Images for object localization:
──────────────────────────────
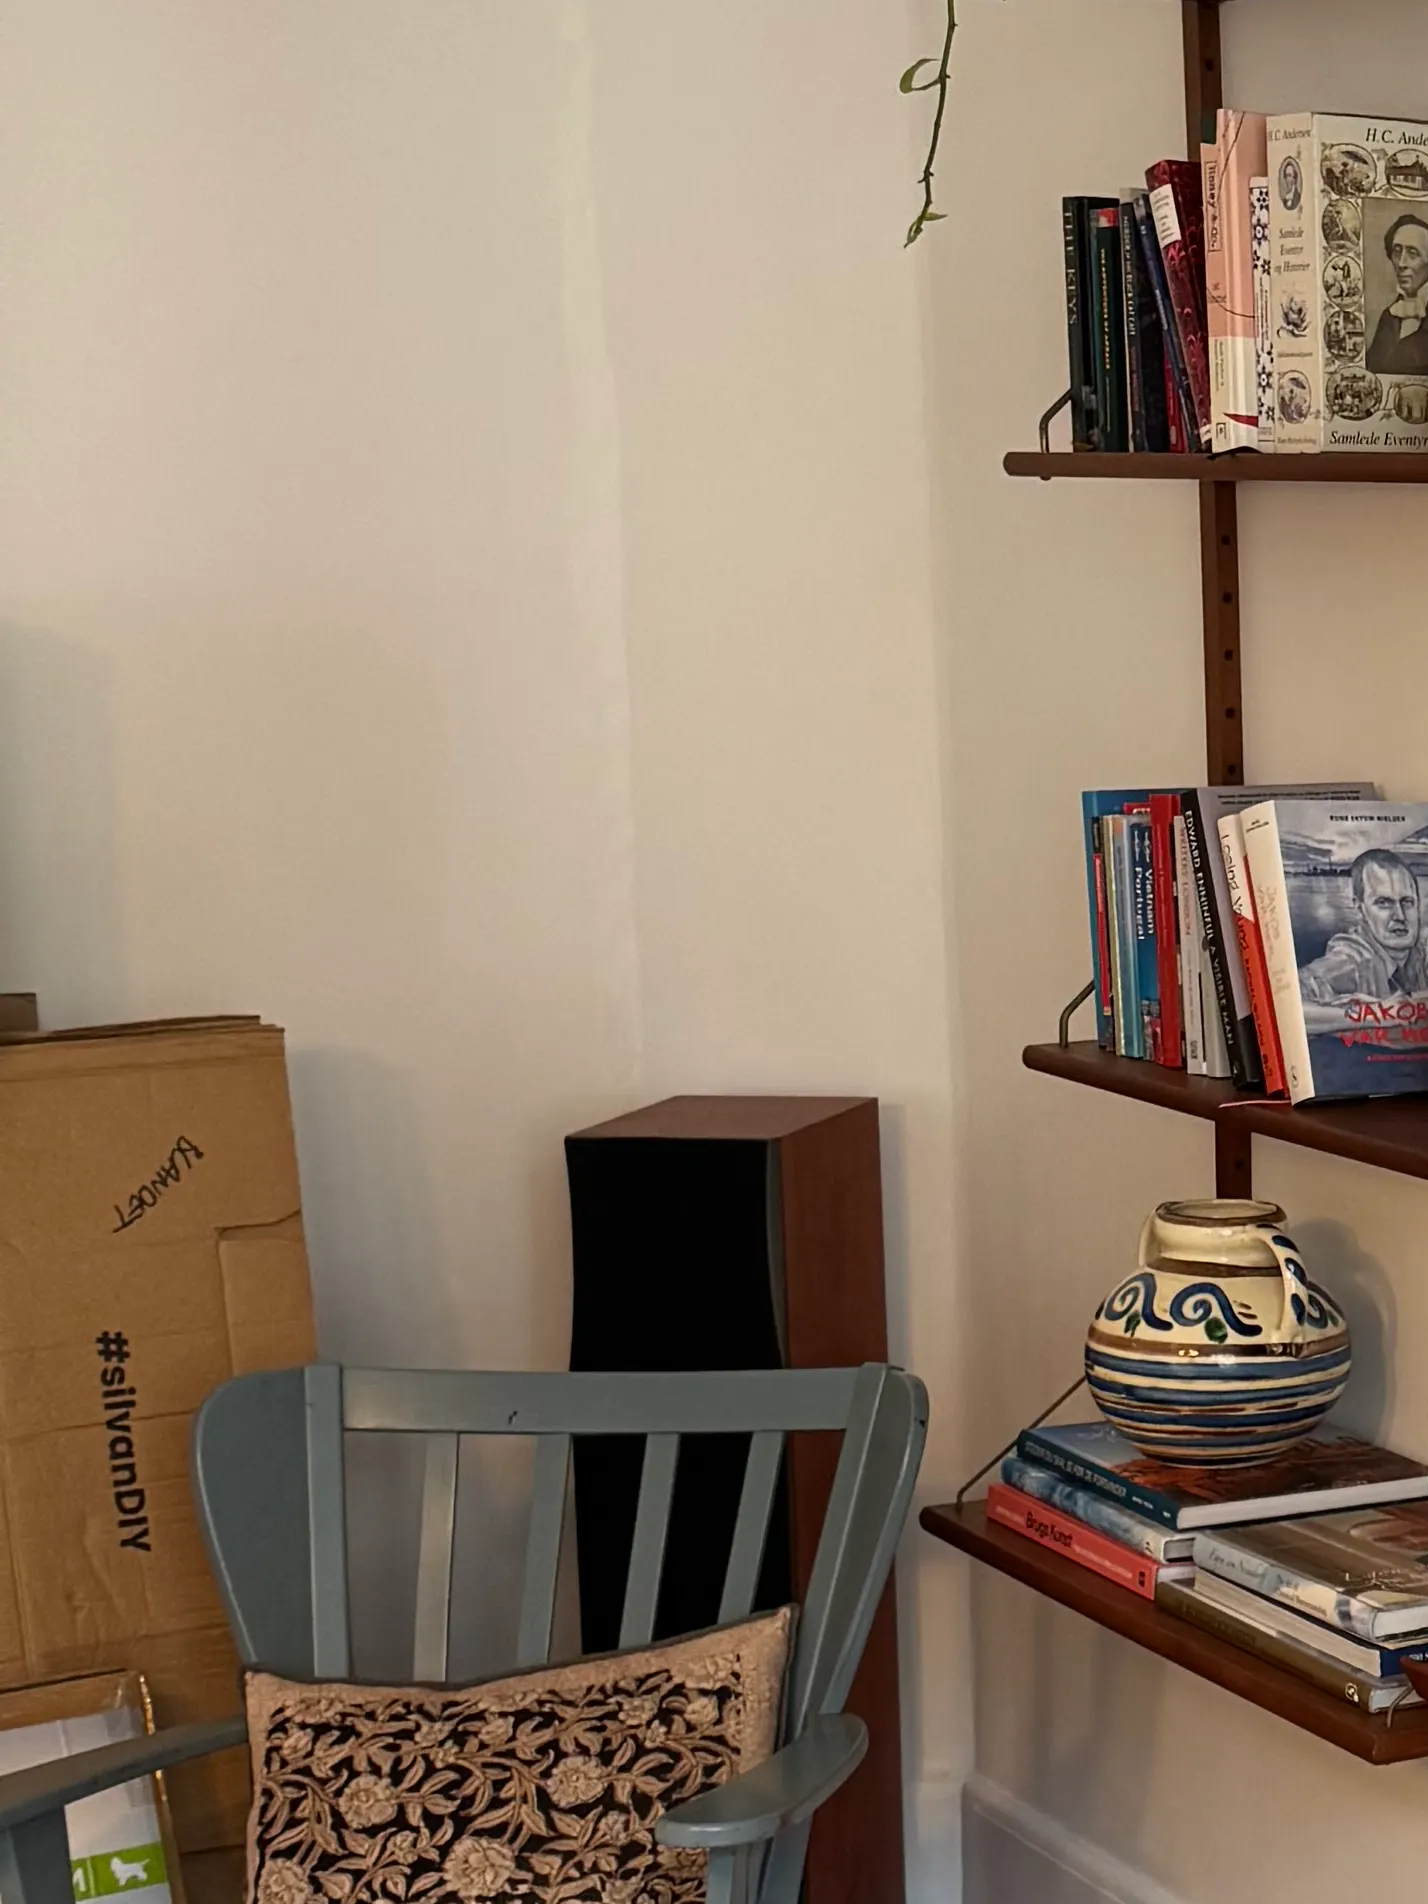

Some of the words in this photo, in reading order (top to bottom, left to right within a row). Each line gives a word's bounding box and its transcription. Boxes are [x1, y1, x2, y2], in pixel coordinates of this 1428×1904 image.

[1366, 127, 1395, 145] H.C.
[1136, 867, 1145, 940] Portugal
[1145, 868, 1153, 935] Vietnam
[1184, 809, 1200, 868] EDWARD
[1198, 872, 1214, 942] ENNINFUL
[95, 1330, 151, 1552] #silvanDIY
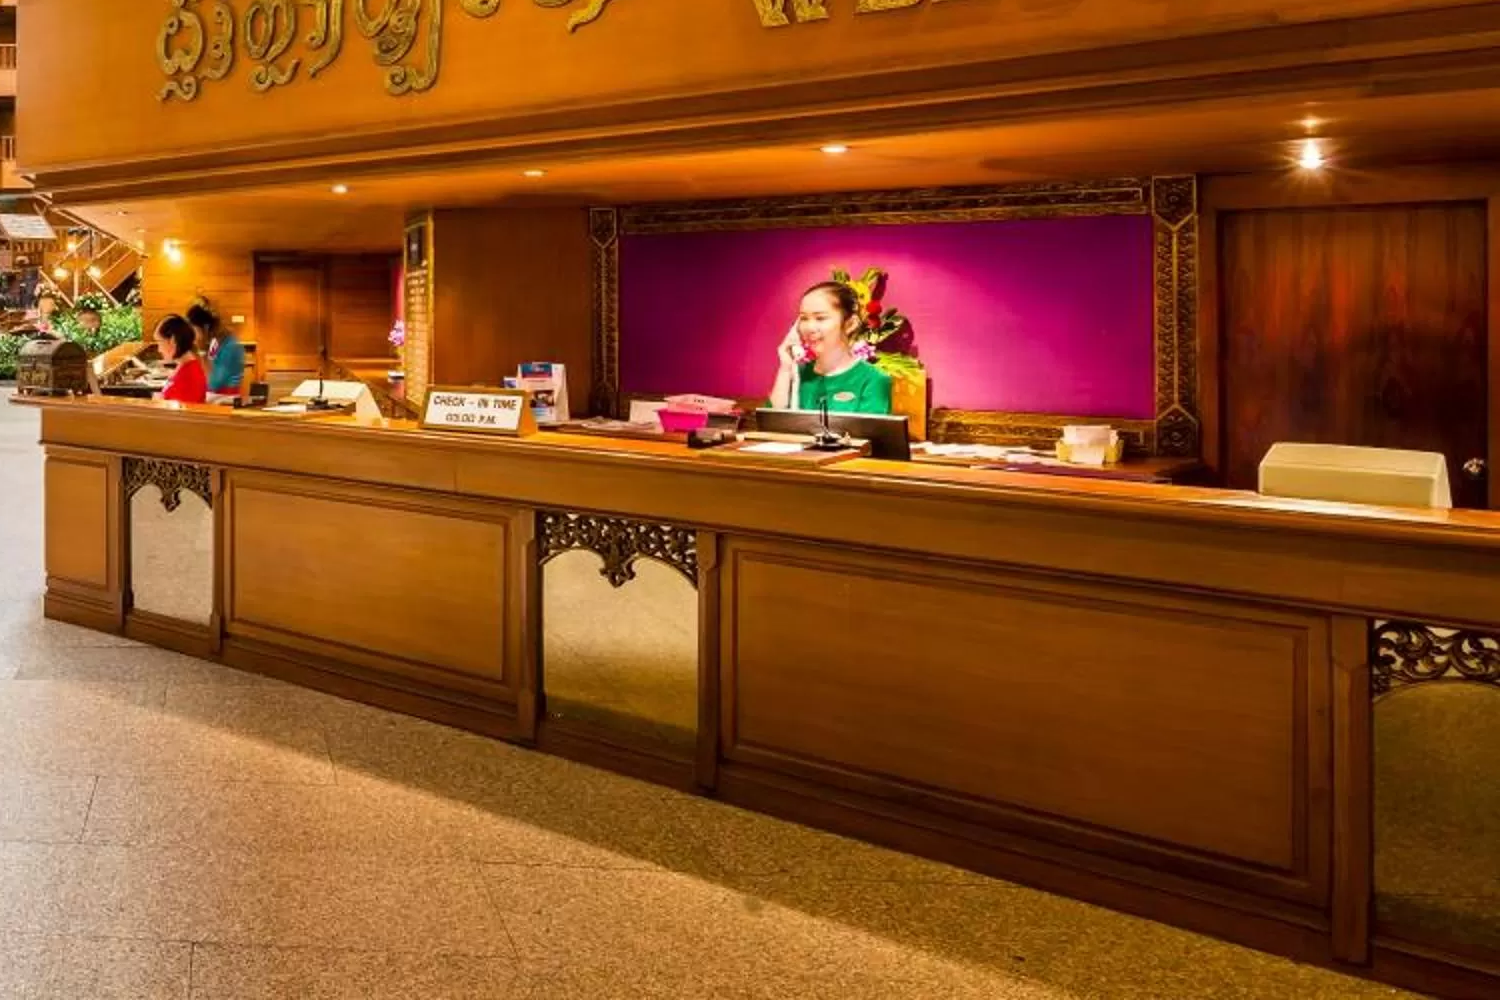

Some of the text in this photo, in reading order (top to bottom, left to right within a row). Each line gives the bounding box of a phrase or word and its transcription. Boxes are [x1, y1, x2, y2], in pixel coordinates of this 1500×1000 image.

[433, 395, 467, 407] CHECK
[477, 397, 490, 409] IN
[493, 399, 517, 411] TIME
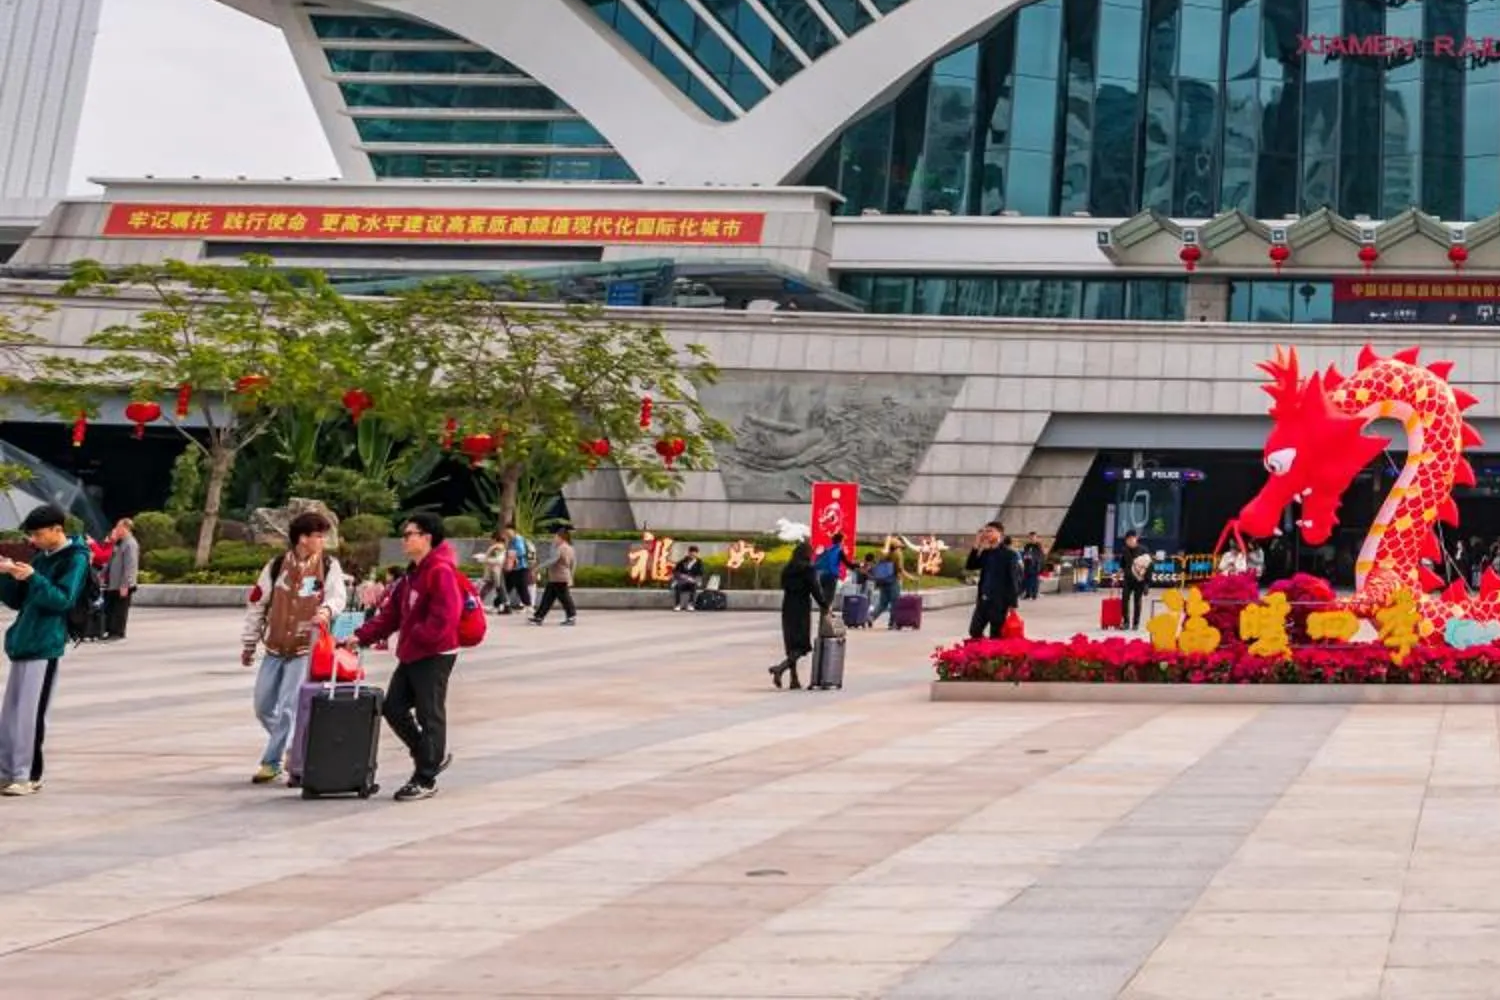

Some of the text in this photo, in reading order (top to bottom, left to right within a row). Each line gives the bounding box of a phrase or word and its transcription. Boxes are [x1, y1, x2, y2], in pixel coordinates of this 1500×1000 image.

[1296, 33, 1415, 56] XIAMEN
[127, 210, 744, 237] 牢记嘱托 践行使命 更高水平建设高素质高颜值现代化国际化城市
[1151, 471, 1180, 479] POLICE
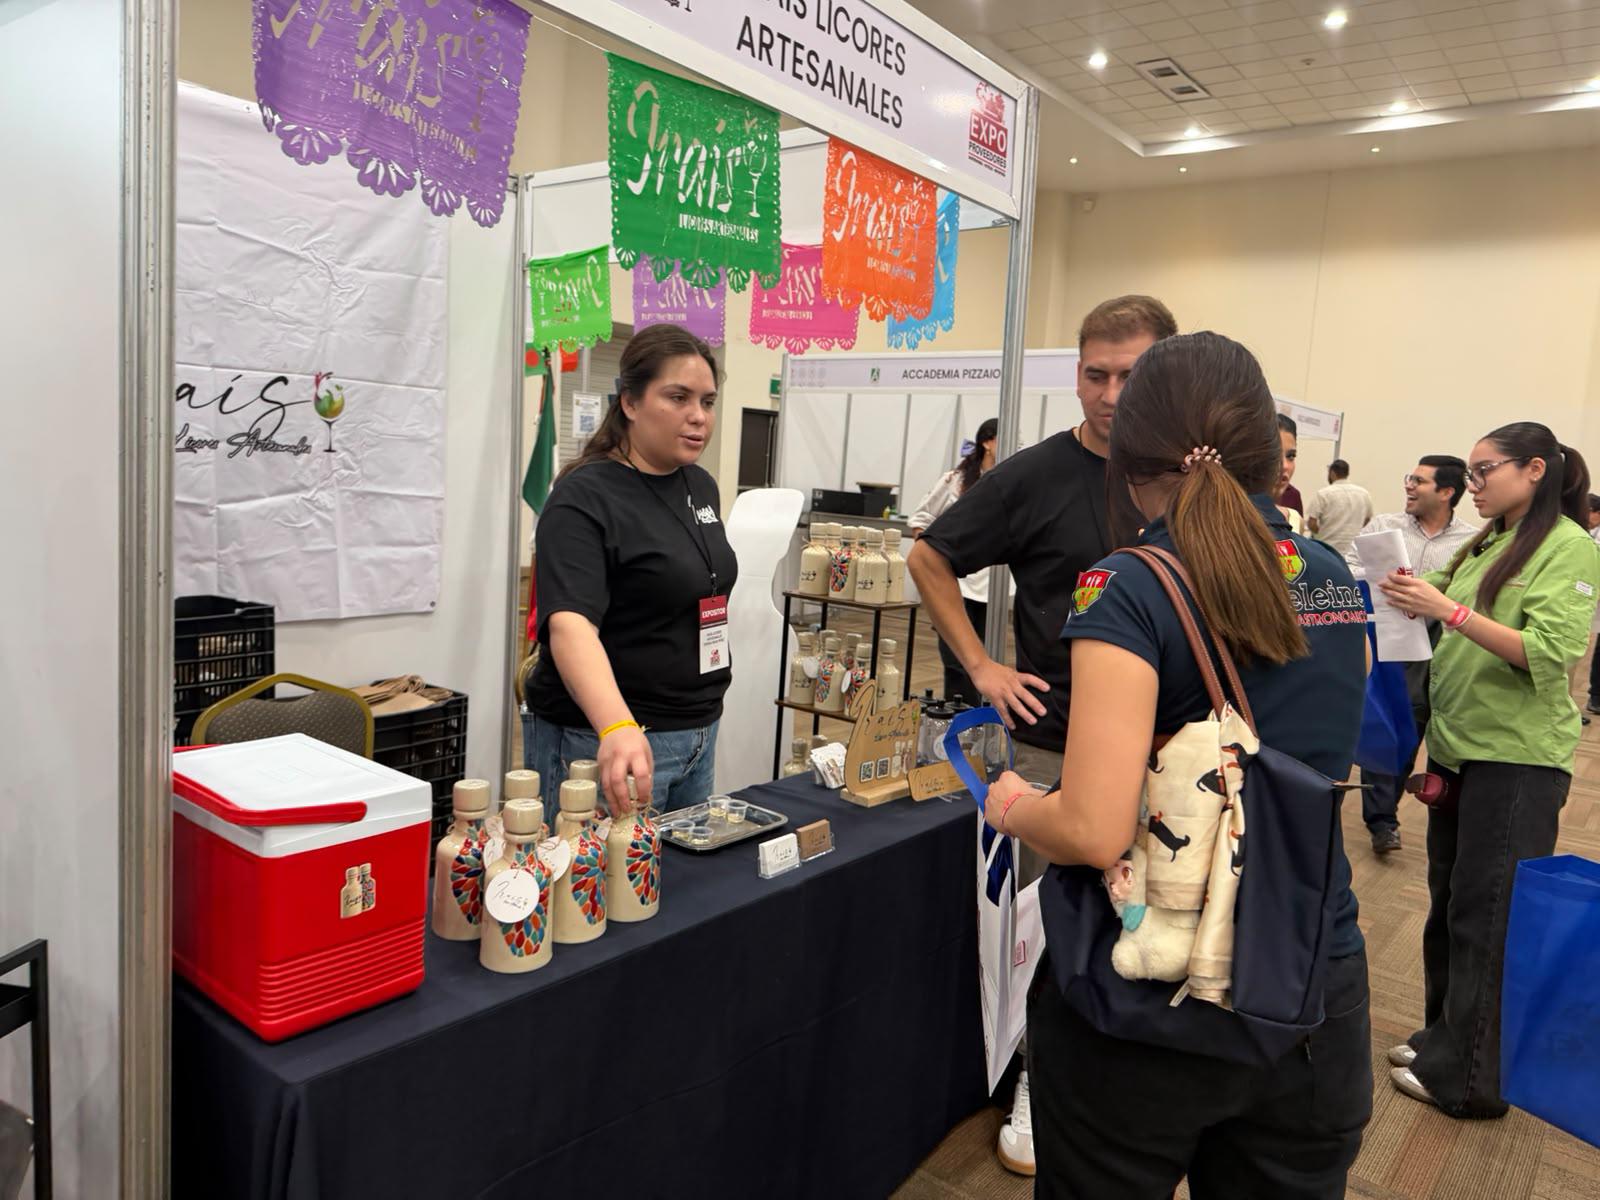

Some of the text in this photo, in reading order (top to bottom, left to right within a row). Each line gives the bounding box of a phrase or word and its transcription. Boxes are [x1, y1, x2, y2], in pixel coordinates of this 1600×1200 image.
──────────────────────────────
Print all of the records shown above exactly, leaving out each picture.

# SOLUTION FOR THIS EXERCISE
Some of the words in this photo, in reading order (top to bottom, left to right within a row). Each line gives a word's bounding box and its transcription. Boxes are [x1, y1, x2, y2], in pixel coordinates of this 1428×1904 image.

[1366, 127, 1395, 145] H.C.
[1136, 867, 1145, 940] Portugal
[1145, 868, 1153, 935] Vietnam
[1184, 809, 1200, 868] EDWARD
[1198, 872, 1214, 942] ENNINFUL
[95, 1330, 151, 1552] #silvanDIY

Some of the text in this photo, in reading order (top to bottom, left to right within a row). Each line gives the bounding box of a phrase or word and its transcription. Boxes are [x1, y1, x2, y2], in pixel coordinates of this 1500×1000 image.

[433, 395, 467, 407] CHECK
[477, 397, 490, 409] IN
[493, 399, 517, 411] TIME

Some of the text in this photo, in reading order (top to bottom, left to right within a row). Each line gives the bounding box of a phrase or word and its transcription. Boxes are [x1, y1, x2, y2], in pixel coordinates of this 1500×1000 image.

[1296, 33, 1415, 56] XIAMEN
[127, 210, 744, 237] 牢记嘱托 践行使命 更高水平建设高素质高颜值现代化国际化城市
[1151, 471, 1180, 479] POLICE

Some of the text in this photo, in reading order (top to bottom, left to right within a row). Each line gives the bounding box of a phrase or word and its transcription. Boxes are [x1, y1, x2, y2], in pixel coordinates of this 1600×1200 image.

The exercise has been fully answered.